= Goulburn Valley Health =

Goulburn Valley Health, established in 1876, is the main health service in the Goulburn Valley with 266 acute and sub-acute beds. It offers a wide range of services, including emergency care, allied health, maternity, oncology, and more. With a focus on health equity, the hospital has developed a strategic plan for 2024–2026 to enhance care outcomes, staff wellbeing, and sustainability. The health service has also been recognized for its commitment to culturally safe spaces for the region's large Aboriginal Australians and Torres Strait Islanders community and is actively addressing workforce challenges through a housing project for healthcare workers. In addition, several clinicians were nominated for the 2025 Victorian Rural Health Awards.

==History==
In 1876, Goulburn Valley Health was established as the Mooroopna and District Hospital, with its incorporation being in February 1877 by authority of the Hospitals and Charities Act. In November 1997, the name was changed to the Goulburn Valley Base Hospital and a year later after receiving formal approval was changed again to Goulburn Valley Health, to correctly represent the hospital's wide range of services provided on a community basis across the Hume region.

According to the most recent annual report, published in August 2024, during the 2023–24 year, Goulburn Valley Health recorded 43,161 presentations to the Emergency Department, with 12,946 ambulance arrivals. The hospital saw 38,640 inpatient separations and 6,004 elective admissions. A total of 904 babies were born, and 306 neonates were admitted to the Neonatal Unit. Additionally, 784 critical care encounters were managed, underscoring the wide range of services provided throughout the year.

Goulburn Valley Health has a strategic plan for 2024–2026 which outlines a three-year approach to enhance health care excellence for the community and region. It focuses on five pillars: improving health outcomes, delivering an outstanding consumer experience, supporting staff wellbeing, ensuring sustainability, and promoting health equity. The plan, developed with input from the community, staff, and partners, aims to address challenges like workforce security and digital transformation, while ensuring tailored, equitable care for diverse populations, including the region's large Aboriginal Australians and Torres Strait Islanders community. Furthermore, in June 2025, construction begun on a new housing project near the hospital, to provide modern accommodation for healthcare workers to address the regional housing shortage. The project, set to be completed by July 2026, features sustainable design and direct access to the hospital, supporting staff wellbeing and safety. As part of its commitment to health equity, in July 2025, Goulburn Valley Health reopened the Minya Barmah Room at Shepparton Hospital, providing a culturally safe space for Aboriginal and Torres Strait Islander patients, families, and community members. The room offers a welcoming environment for individuals to connect with Aboriginal Liaison Officers while accessing healthcare services, and features a design that reflects the natural landscape of the Goulburn Valley.

==Services==
Goulburn Valley Health offers a wide range of healthcare services, including an emergency department, diagnostic services, imaging, pharmacy, surgical services, aged care, dialysis, maternity, and oncology.

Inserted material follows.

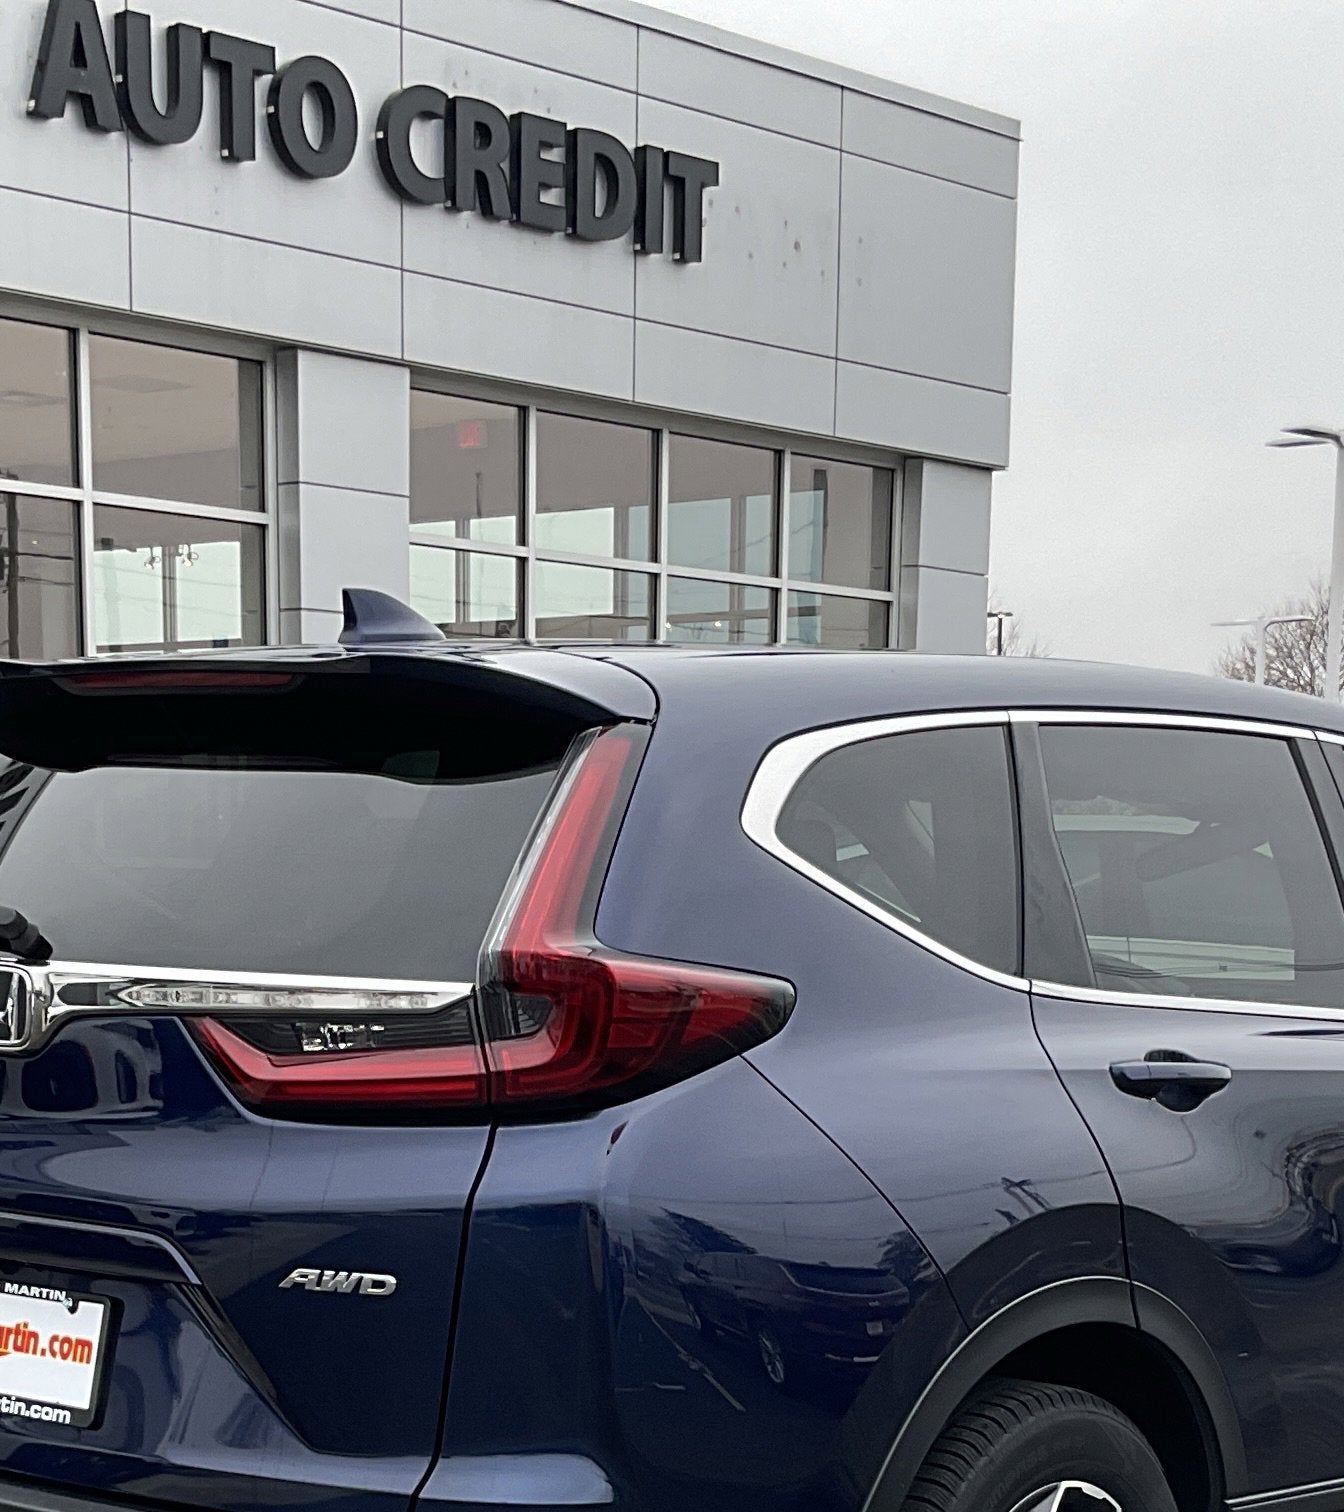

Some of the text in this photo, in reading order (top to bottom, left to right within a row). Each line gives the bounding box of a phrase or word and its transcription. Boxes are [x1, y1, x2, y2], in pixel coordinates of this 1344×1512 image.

[26, 0, 719, 263] AUTO CREDIT
[4, 1282, 67, 1302] MARTIN
[278, 1267, 397, 1296] AWD

Key services also include allied health (such as physiotherapy, podiatry, and speech pathology), community health programs like the Diabetes Centre, as well as specialized clinics for paediatrics, chronic pain, and mental health.

In addition to its main site on Graham Street, Shepparton, Goulburn Valley Health has three more sites in the nearby towns of Rushworth, Tatura, and Euroa.

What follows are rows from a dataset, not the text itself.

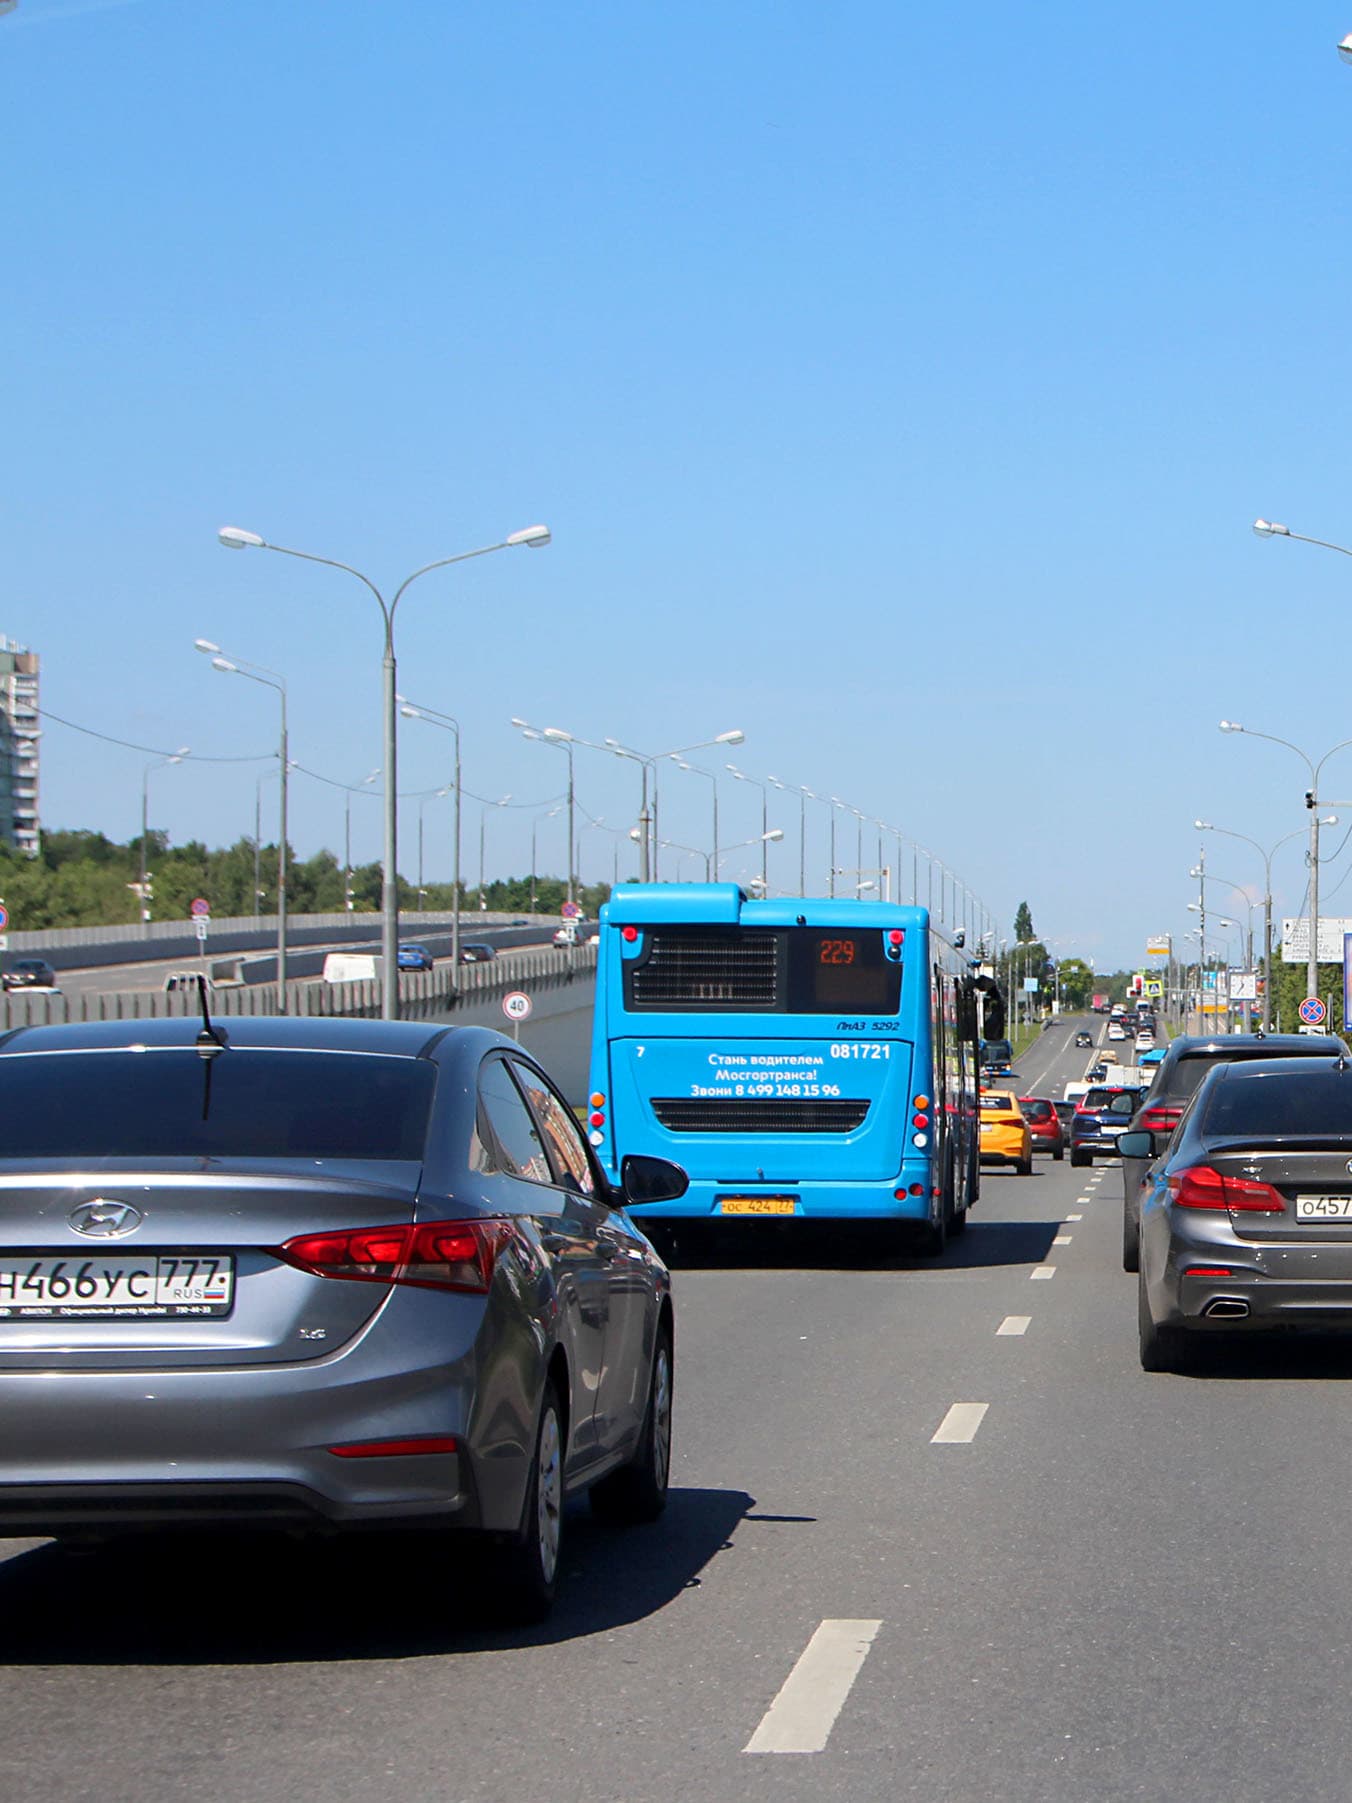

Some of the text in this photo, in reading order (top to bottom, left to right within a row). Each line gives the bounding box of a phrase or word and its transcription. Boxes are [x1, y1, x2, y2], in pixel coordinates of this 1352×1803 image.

[820, 940, 854, 964] 229
[510, 1000, 524, 1011] 40
[871, 1021, 900, 1031] 5292
[636, 1046, 645, 1058] 7
[830, 1044, 890, 1060] 081721
[708, 1053, 824, 1066] Стань водителем
[715, 1069, 818, 1083] Мосгортранса!
[690, 1084, 841, 1097] Звони 8 499 148 15 96
[161, 1259, 220, 1288] 777
[173, 1288, 202, 1299] RUS

==Recognition and achievements==
In June 2025, several clinicians from Goulburn Valley Health were nominated for the prestigious Victorian Rural Health Awards, recognizing their outstanding contributions to rural healthcare. These nominations, across multiple categories, highlight the dedication and impact of Goulburn Valley Health staff in areas such as medical specialties, allied health, primary care, and mentoring.